What I wanted to do was see how The Citadel’s 2016 SoCon season looked when the Five Factors were taken into account. I’ve already gone over a bunch of stats in my annual post on per-play numbers, conversion rates, etc., but this is something I haven’t tried to calculate before.

It wasn’t easy, either. FCS statistics for the categories mentioned above basically don’t exist online (at least, I certainly didn’t find any of consequence). The fact the Southern Conference does not have league-only online stats didn’t help.

However, I put together a small package for The Citadel’s season. It is far from perfect, and may not mean much to some people (perhaps for good reason).

There are still almost two months before the opening kickoff, though. So at the very least, it’s better than not talking about football at all.

I’m going to go over the Five Factors now. Afterwards, there are three other statistical categories of note I wanted to briefly discuss. One of them in particular struck me as worth mentioning.

First things first: a spreadsheet! The spreadsheet includes individual game statistics for all of these categories.

Again, a reminder — these stats are for SoCon games only. Also, overtime statistics are not included.

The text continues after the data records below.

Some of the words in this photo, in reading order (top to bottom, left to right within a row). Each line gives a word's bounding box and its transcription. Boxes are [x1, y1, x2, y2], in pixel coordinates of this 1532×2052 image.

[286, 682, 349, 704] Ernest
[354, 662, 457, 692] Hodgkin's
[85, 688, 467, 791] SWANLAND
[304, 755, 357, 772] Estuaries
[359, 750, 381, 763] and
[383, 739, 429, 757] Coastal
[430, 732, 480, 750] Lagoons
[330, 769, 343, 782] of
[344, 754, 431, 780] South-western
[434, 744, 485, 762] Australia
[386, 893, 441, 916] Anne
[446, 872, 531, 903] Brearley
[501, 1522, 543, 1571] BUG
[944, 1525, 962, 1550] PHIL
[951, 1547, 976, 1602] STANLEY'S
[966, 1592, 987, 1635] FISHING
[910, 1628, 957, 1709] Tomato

Also, I’m going to use FBS numbers for comparison purposes throughout this post, mainly because there are no FCS equivalent stats online. I’m guessing that if FCS stats were available, they would be similar to those from FBS. At least, I hope so…

Field position

I think field position is possibly the easiest of the Five Factors to understand. The one thing to think about with field position is this: you measure an offense’s effectiveness (in terms of field position) by the starting field position of its defense (and vice versa).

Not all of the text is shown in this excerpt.